══ RECORDS SUPPLIED

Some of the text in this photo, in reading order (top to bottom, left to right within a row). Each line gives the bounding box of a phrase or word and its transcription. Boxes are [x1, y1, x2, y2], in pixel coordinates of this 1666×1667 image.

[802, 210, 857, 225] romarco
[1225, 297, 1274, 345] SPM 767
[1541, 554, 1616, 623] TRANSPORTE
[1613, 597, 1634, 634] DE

════

-- AIM OF THE EXERCISE --
Whatever appears in the records must be returned exactly.

-- YOUR SOLUTION --
Some of the text in this photo, in reading order (top to bottom, left to right within a row). Each line gives the bounding box of a phrase or word and its transcription. Boxes are [x1, y1, x2, y2], in pixel coordinates of this 1666×1667 image.

[802, 210, 857, 225] romarco
[1225, 297, 1274, 345] SPM 767
[1541, 554, 1616, 623] TRANSPORTE
[1613, 597, 1634, 634] DE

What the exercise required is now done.